Records:
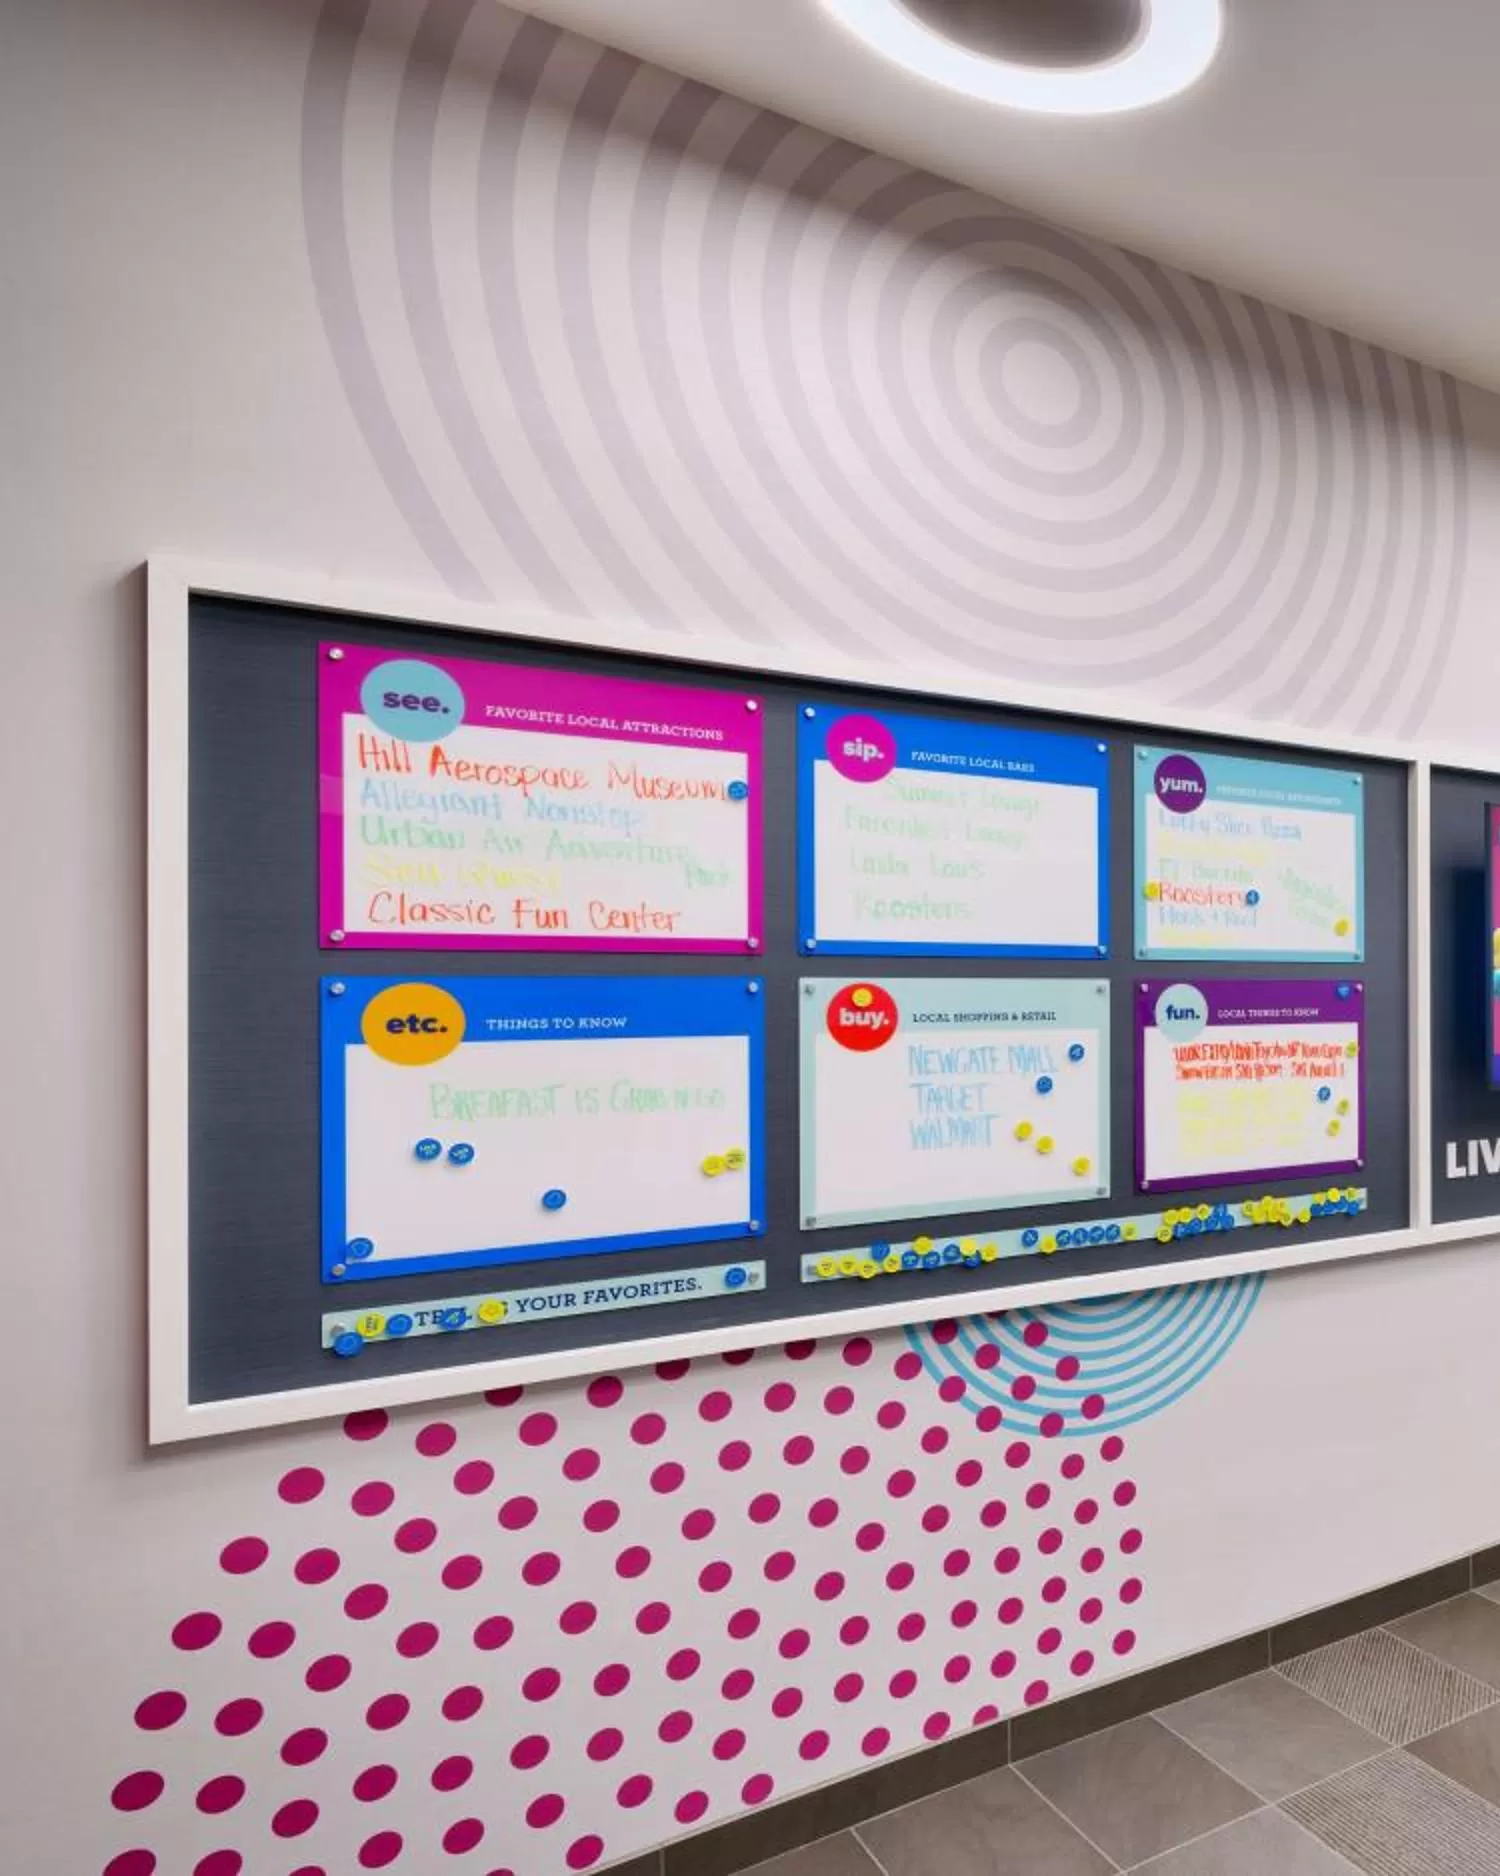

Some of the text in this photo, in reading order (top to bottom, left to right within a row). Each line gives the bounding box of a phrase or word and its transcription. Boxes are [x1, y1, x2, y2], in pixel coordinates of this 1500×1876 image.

[383, 690, 450, 716] see.
[485, 704, 724, 742] FAVORITE LOCAL ATTRACTIONS
[843, 737, 885, 762] sip.
[911, 751, 967, 767] FAVORITE
[969, 756, 1005, 770] LOCAL
[357, 732, 728, 802] Hill Aerospace Museum
[1159, 776, 1203, 794] yum.
[359, 815, 466, 851] Urban
[368, 890, 682, 933] Classic Fun Center
[385, 1013, 449, 1035] etc.
[486, 1015, 629, 1032] THINGS TO KNOW
[840, 1007, 890, 1030] buy.
[912, 1013, 951, 1024] LOCAL
[953, 1012, 1009, 1023] SHOPPING
[1021, 1011, 1057, 1022] RETAIL
[1166, 1003, 1201, 1021] fun.
[515, 1292, 577, 1315] YOUR
[583, 1277, 703, 1306] FAVORITES.
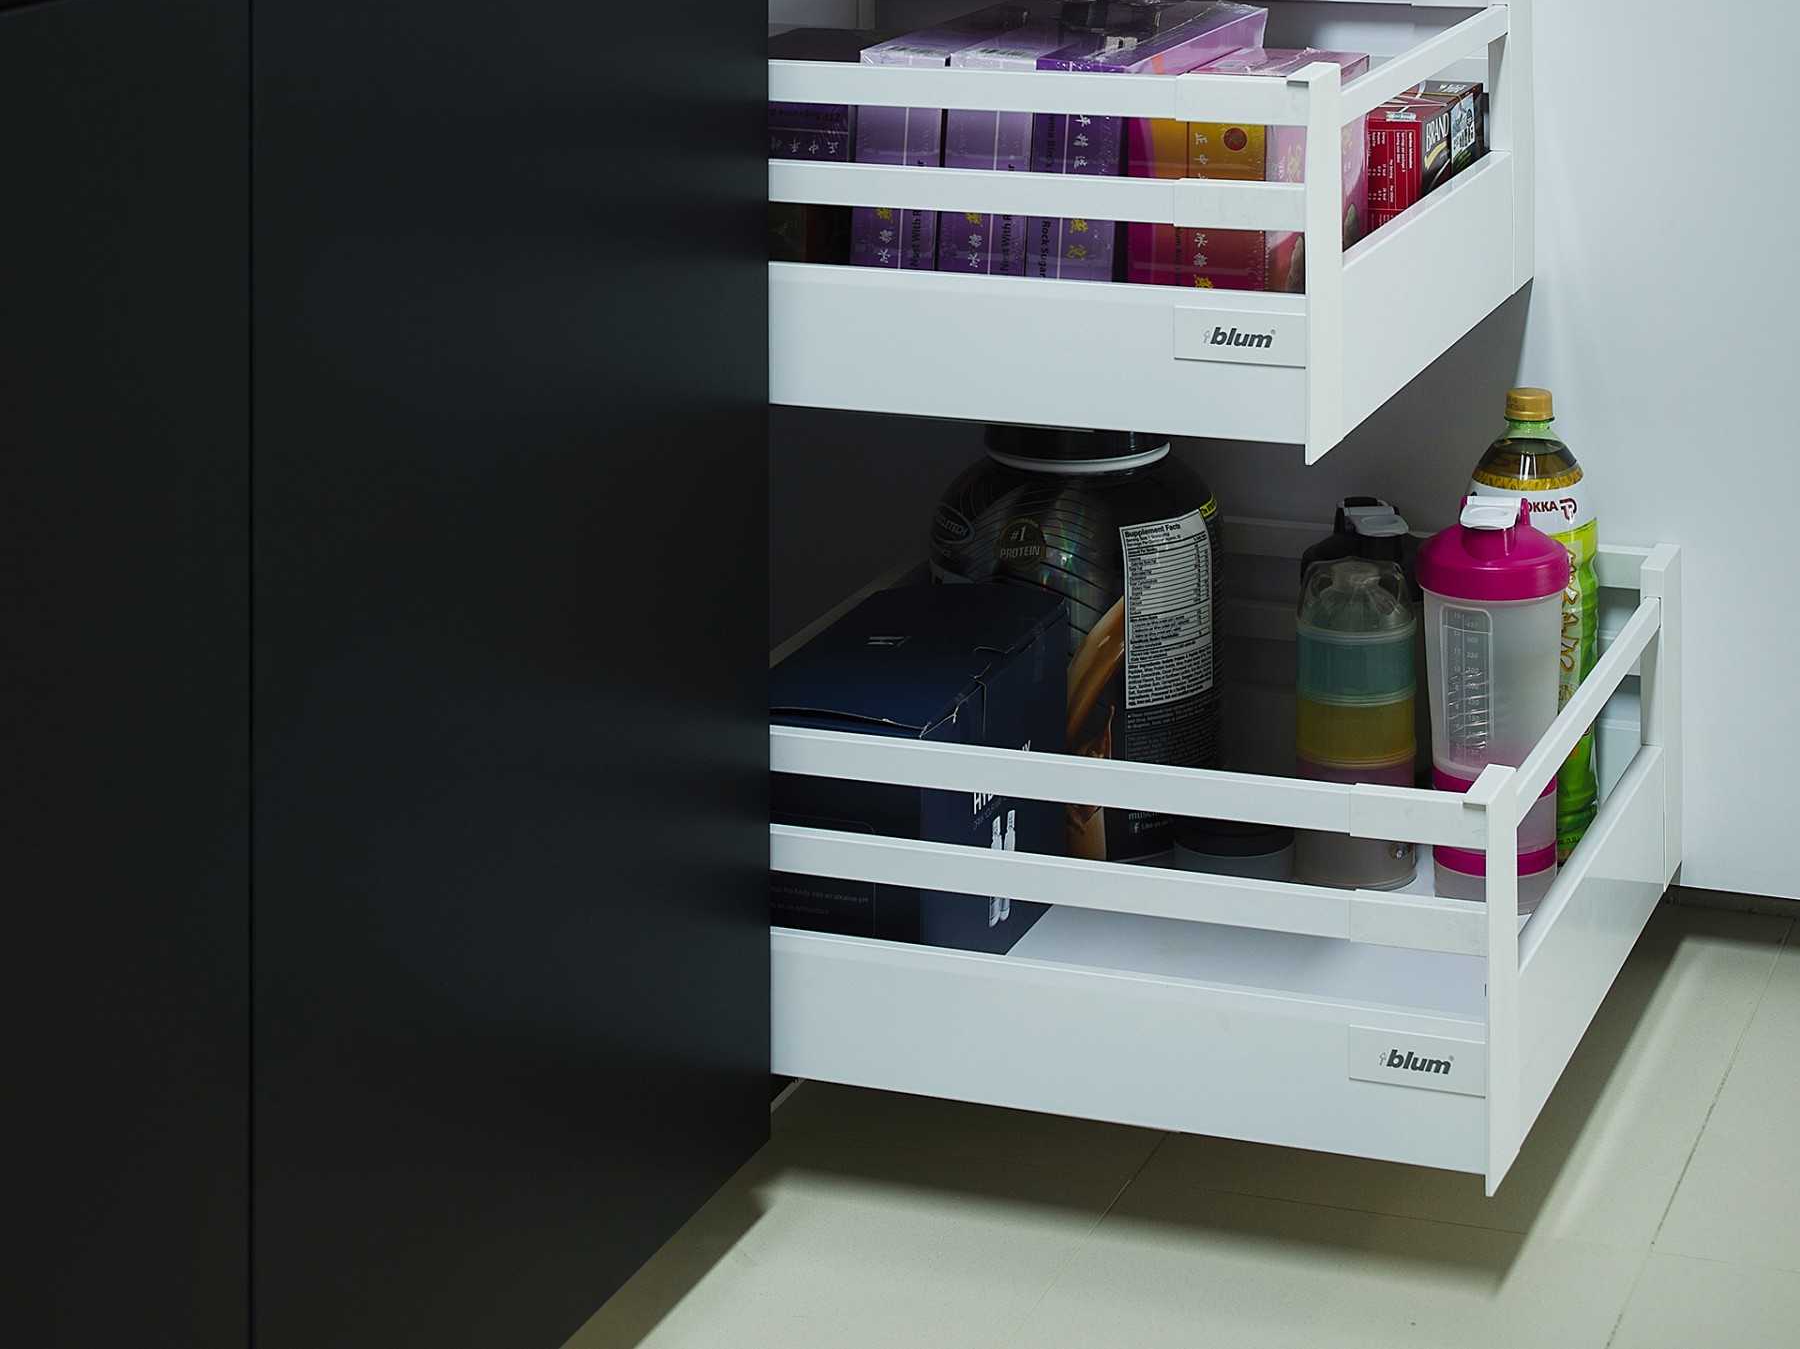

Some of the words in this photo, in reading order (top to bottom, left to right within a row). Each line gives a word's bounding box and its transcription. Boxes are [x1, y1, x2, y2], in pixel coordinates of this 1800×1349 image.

[1040, 219, 1052, 247] Rock
[1038, 248, 1051, 278] Sugar
[1209, 326, 1274, 350] blum
[1008, 525, 1027, 542] #1
[1000, 545, 1041, 559] PROTEIN
[1386, 1049, 1452, 1075] blum
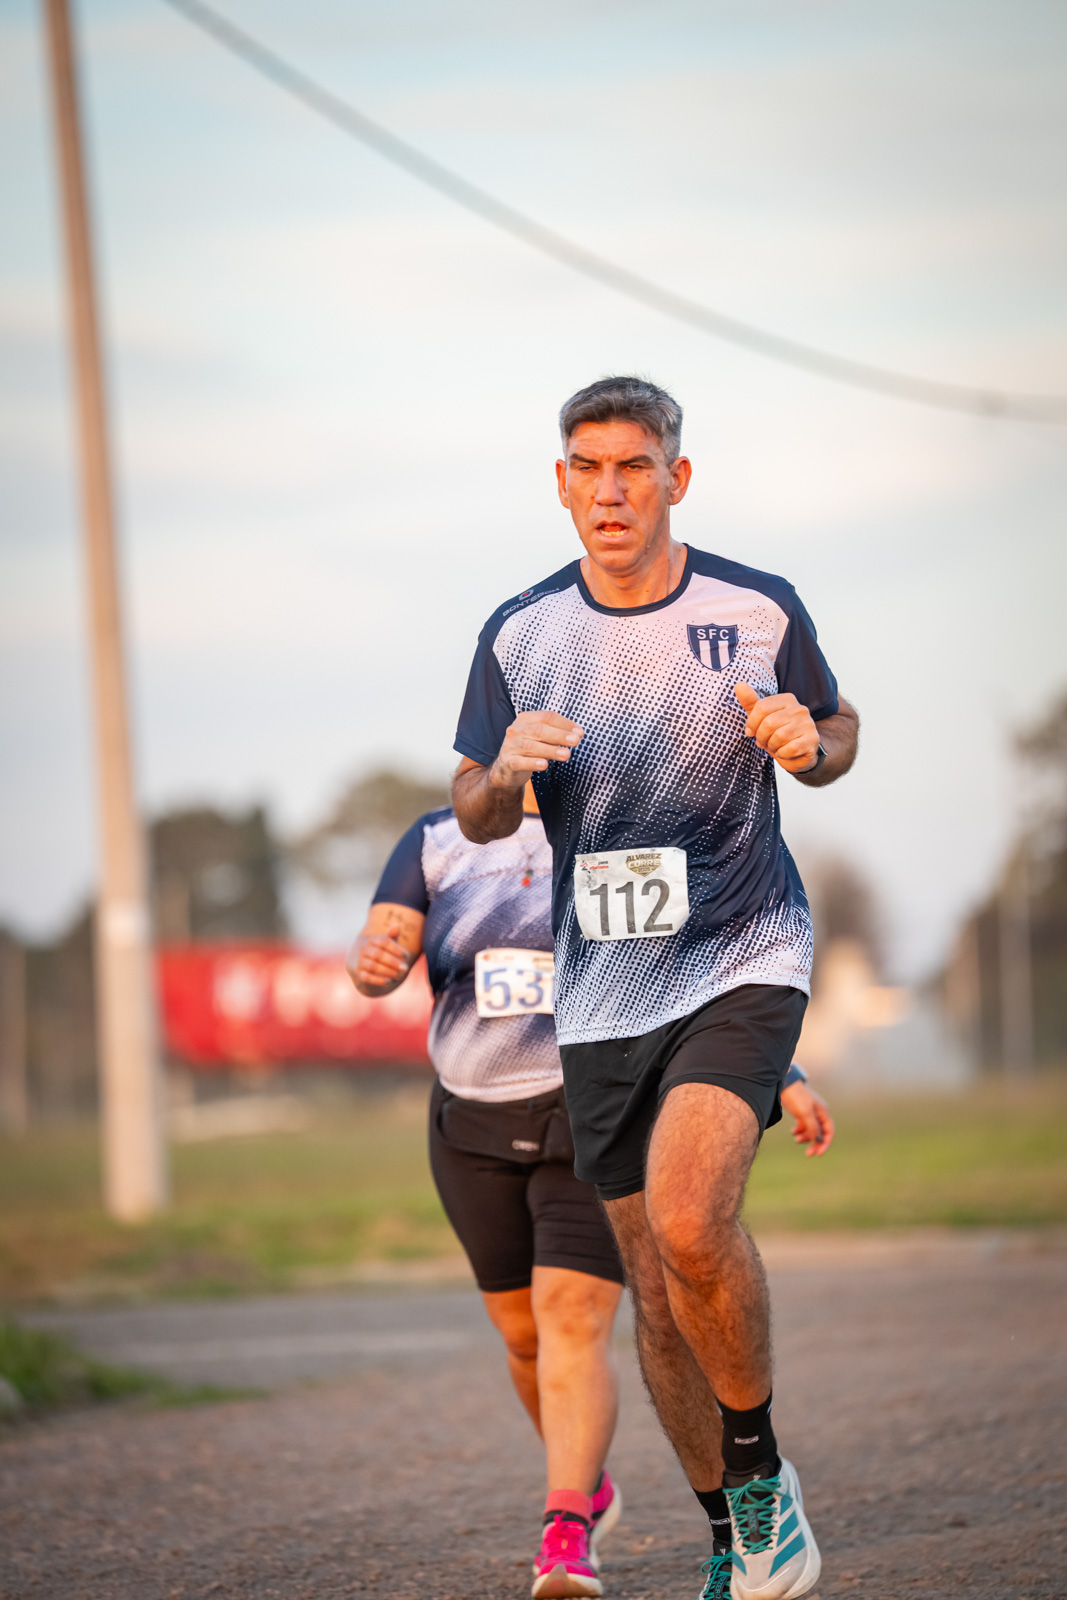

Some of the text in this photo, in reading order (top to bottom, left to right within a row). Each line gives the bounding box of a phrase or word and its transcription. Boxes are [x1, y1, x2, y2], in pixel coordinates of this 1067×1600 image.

[696, 628, 730, 640] SFC
[626, 853, 662, 863] ALVAREZ
[628, 859, 661, 869] CORRE
[589, 878, 673, 936] 112
[483, 968, 555, 1011] 53

Exercise: Exact retyping is required: the line with "this 1067×1600 image." through the end of the data, both ends included, and no other line.

Answer to the exercise:
Some of the text in this photo, in reading order (top to bottom, left to right within a row). Each line gives the bounding box of a phrase or word and its transcription. Boxes are [x1, y1, x2, y2], in pixel coordinates of this 1067×1600 image.

[696, 628, 730, 640] SFC
[626, 853, 662, 863] ALVAREZ
[628, 859, 661, 869] CORRE
[589, 878, 673, 936] 112
[483, 968, 555, 1011] 53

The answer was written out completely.